Une commission de sécurité a été réalisée en janvier 2017 dans le restaurant. Cependant, aucun retour n'a été fait au restaurateur pendant toute cette période, aucun rapport ni prescription ne lui ont été transmis, indique-t-il. "J'aurais presque pu oublier", ajoute l'intéressé. "Evidemment d'éventuels travaux ont été évoqués oralement", souligne Frédéric Spielman. Des travaux qu'il déclare avoir réalisés depuis, sans attendre un quelconque retour. Il appuie également le fait que ces travaux n'auront dans tous les cas pas pu faire l'objet d'une fermeture.

Un arrêté "illégal et injuste"

Lorsque l'arrêté municipal de fermeture immédiate tombe, Frédéric Spielman tombe des nues. D'autant qu'ils lui reprochent "une histoire de gaz", pourtant déjà signalée lors de la commission de sécurité de 2013. "Cela prouve bien l'incohérence de la mairie, qui n'a même pas pris acte des faits pour la nouvelle commission".

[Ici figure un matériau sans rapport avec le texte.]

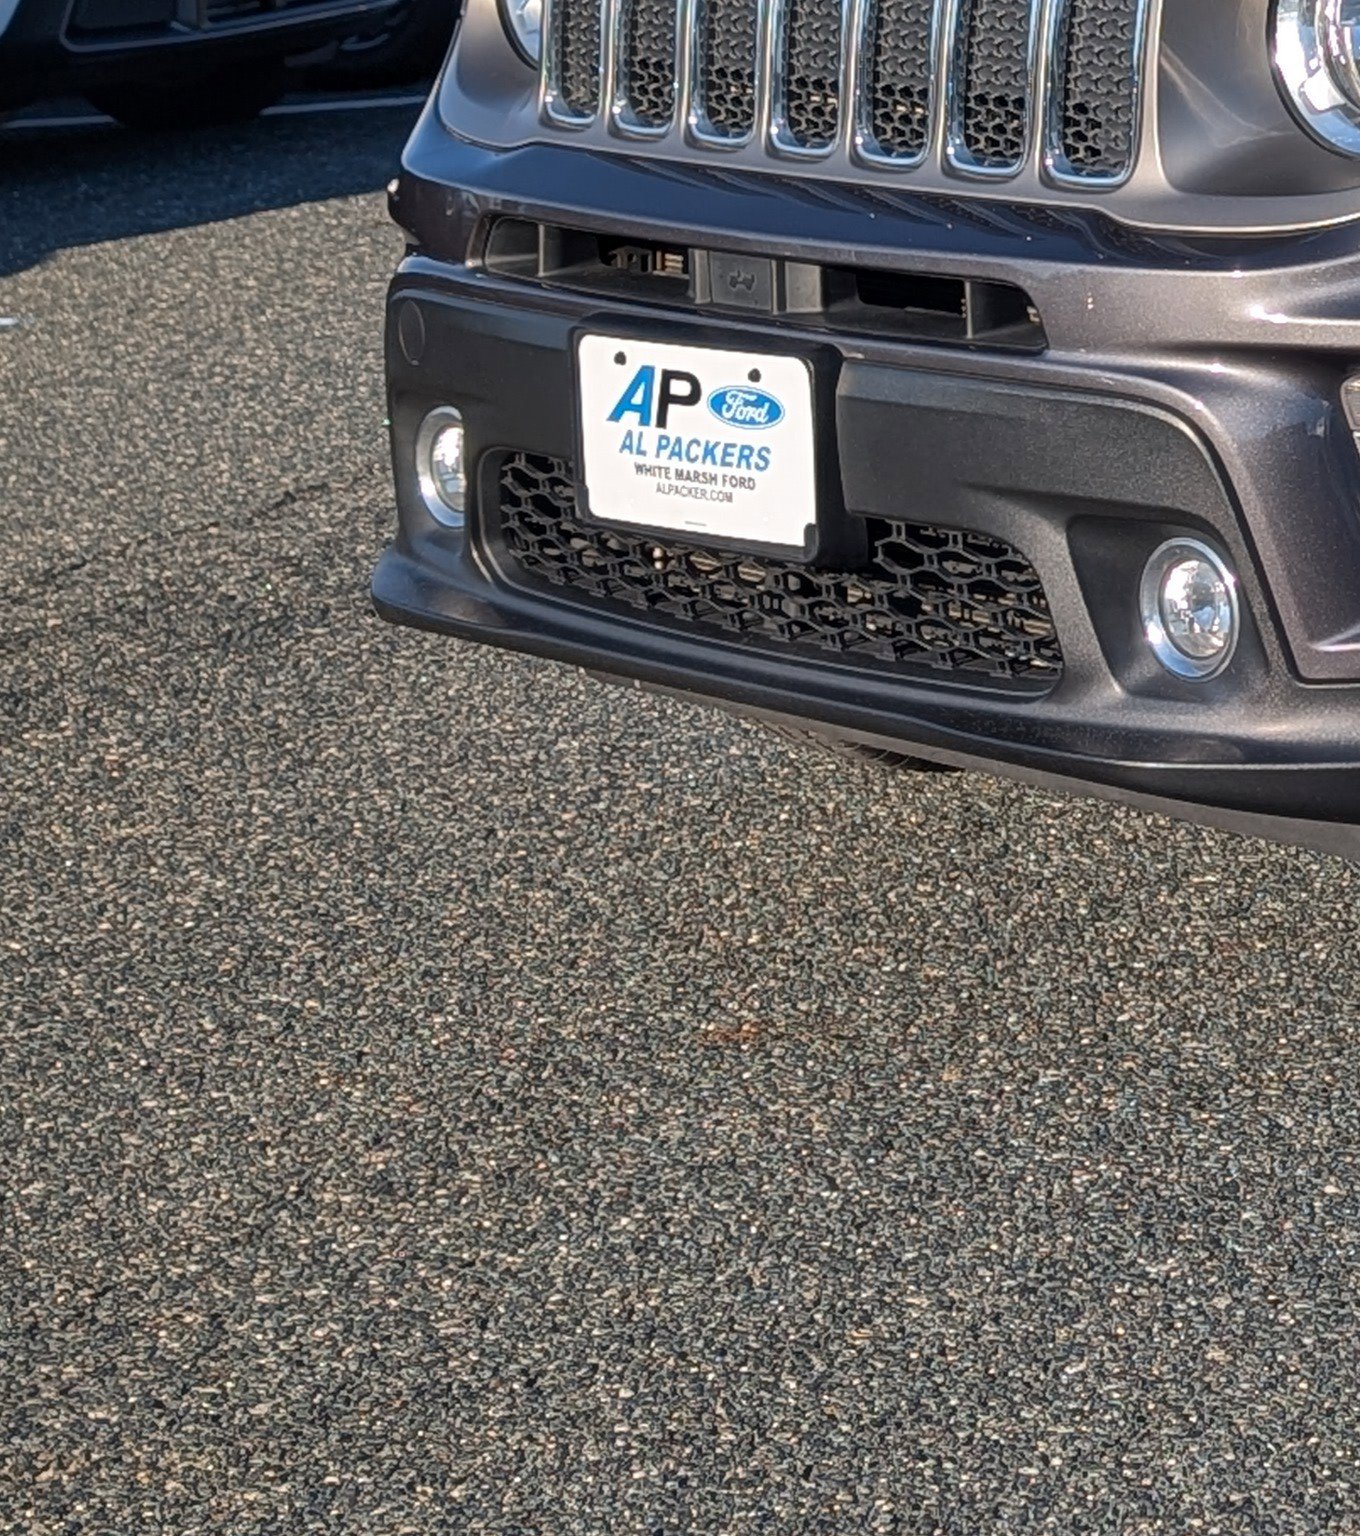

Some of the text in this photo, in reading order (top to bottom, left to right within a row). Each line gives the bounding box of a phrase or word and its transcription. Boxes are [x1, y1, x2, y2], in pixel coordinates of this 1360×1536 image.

[606, 364, 771, 429] AP Ford
[619, 430, 771, 472] AL PACKERS
[634, 462, 756, 490] WHITE MARSH FORD
[656, 482, 733, 503] ALPACKER.COM

Suite à l'arrêté, l'établissement a dû fermer ses portes en l'espace de seulement dix jours. Or son avocat, Me Michel Lagourgue, affirme que la mairie aurait pu demander un délai d'au moins un mois. "Cela m'aurait permis de réaliser les travaux demandés et de ne pas en arriver là". En effet, les mois d'avril et mai sont très importants pour les professionnels du tourisme. Cela permet de palier le mois de juin beaucoup plus creux.

C'est tout un domaine qui s'effondre

Au-delà d'un restaurant de perdu, c'est tout un domaine qui part à vau-l'eau. En plus d'être restaurateur, Frédéric Spielman est avant tout producteur de bananes. Une production qu'il a vue partir en fumée après le passage de la tempête tropicale Fakir. Il espérait pourtant pouvoir la continuer. "Je n'ai pas encore annoncé la nouvelle à ma fille, qui est partie en métropole pour étudier les spécificités de l'agriculture pour pouvoir reprendre le domaine".

"Je ne roulais déjà pas sur l'or, j'aurais voulu me battre mais il était plus favorable pour moi de déposer le bilan", confie-t-il. Contraint de liquider son affaire, Frédéric Spielman ne compte pas baisser totalement les bras. "On va demander des dommages et intérêts à la mairie, il va falloir qu'ils se réveillent". Cela fait un mois que les derniers documents ont été transmis à la municipalité de Sainte-Rose, mais il n'a pas eu encore le moindre retour de leur part.

Le maire de Sainte-Rose consterné revendique

"Je n'ai fait qu'exécuter la demande du Préfet", déclare fermement Michel Vergoz, le maire de Sainte-Rose et membre de la commission de sécurité. "Cela fait 3 fois que les commissions passent, depuis 2013 on lui communique, vous pensez réellement qu'il est possible de ne pas avoir de compte-rendu suite à une commission de sécurité". "Je le reçois comme un ami et au final il me prend pour son persécuteur, je lui tends la main et il me la mord". Lorsqu'il lui a parlé de ces courriers non reçus, il aurait avoué en tête à tête :"c'est peut-être les lettres recommandées que je n'ai jamais ouvertes".

Selon le maire, Frédéric Spielman est un homme qui a déjà eu mille problèmes, notamment convoqué aux Prud'hommes. "C'est une personne que j'aime beaucoup, je le reçois dans mon bureau, je tente de l'aider car il a une belle infrastructure dans les mains et il annonce qu'il souhaite attaquer l'arrêté? Très bien, mais il pousse le bouchon trop loin". Plusieurs fois, il lui a demandé de chiffrer les travaux d'insécurité de son établissement, il en a été incapable.